The share-based compensation expense related to RSUs and PSUs for the three and six months ended June 30, 2022 was $0.6 million and $1.2 million, respectively. There was no shared-based compensation expense related to RSUs and PSUs for the three and six months ended June 30, 2021. As of June 30, 2022, there was $3.0 million of total unrecognized compensation cost related to unvested RSUs and PSUs.
15. EMPLOYEE BENEFIT PLANS
2014 Employee Stock Purchase Plan
The Company's 2014 Employee Stock Purchase Plan ("2014 ESPP") was adopted by its board of directors in December 2013 and subsequently approved by its stockholders in January 2014. The 2014 ESPP became effective immediately prior to the closing of the Company's IPO in February 2014 and established an initial reserve of 0.2 million shares of the Company's common stock for issuance to participating employees.
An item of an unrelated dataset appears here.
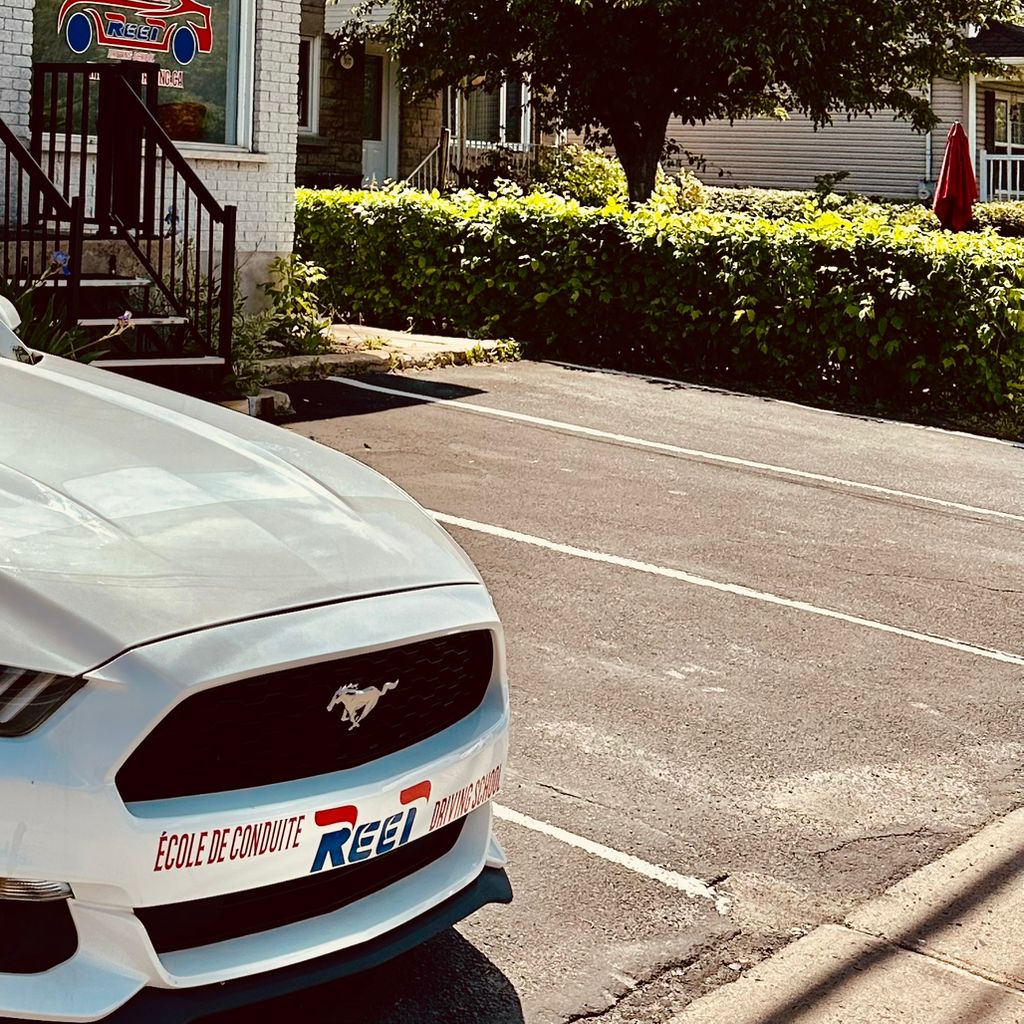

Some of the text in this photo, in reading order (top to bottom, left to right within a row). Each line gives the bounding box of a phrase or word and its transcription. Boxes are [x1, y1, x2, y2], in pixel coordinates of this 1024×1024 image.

At the Annual Meeting of the Company's stockholders in May 2021, the Company's stockholders approved an amendment to the 2014 ESPP that increased by 2.3 million the number of shares of common stock reserved for issuance under the 2014 ESPP. The purpose of the 2014 ESPP is to enhance employee interest in the success and progress of the Company by encouraging employee ownership of common stock of the Company. The 2014 ESPP provides employees with the opportunity to purchase shares of common stock at a 15% discount to the market price through payroll deductions or lump sum cash investments. The Company estimates the number of shares to be issued at the end of an offering period and recognizes expense over the requisite service period. Shares of the common stock issued and sold pursuant to the 2014 ESPP are shown on the condensed consolidated statements of changes in stockholders' equity (deficit). As of June 30, 2021,2022, there were 2.3 million shares of common stock available for sale under the 2014 ESPP.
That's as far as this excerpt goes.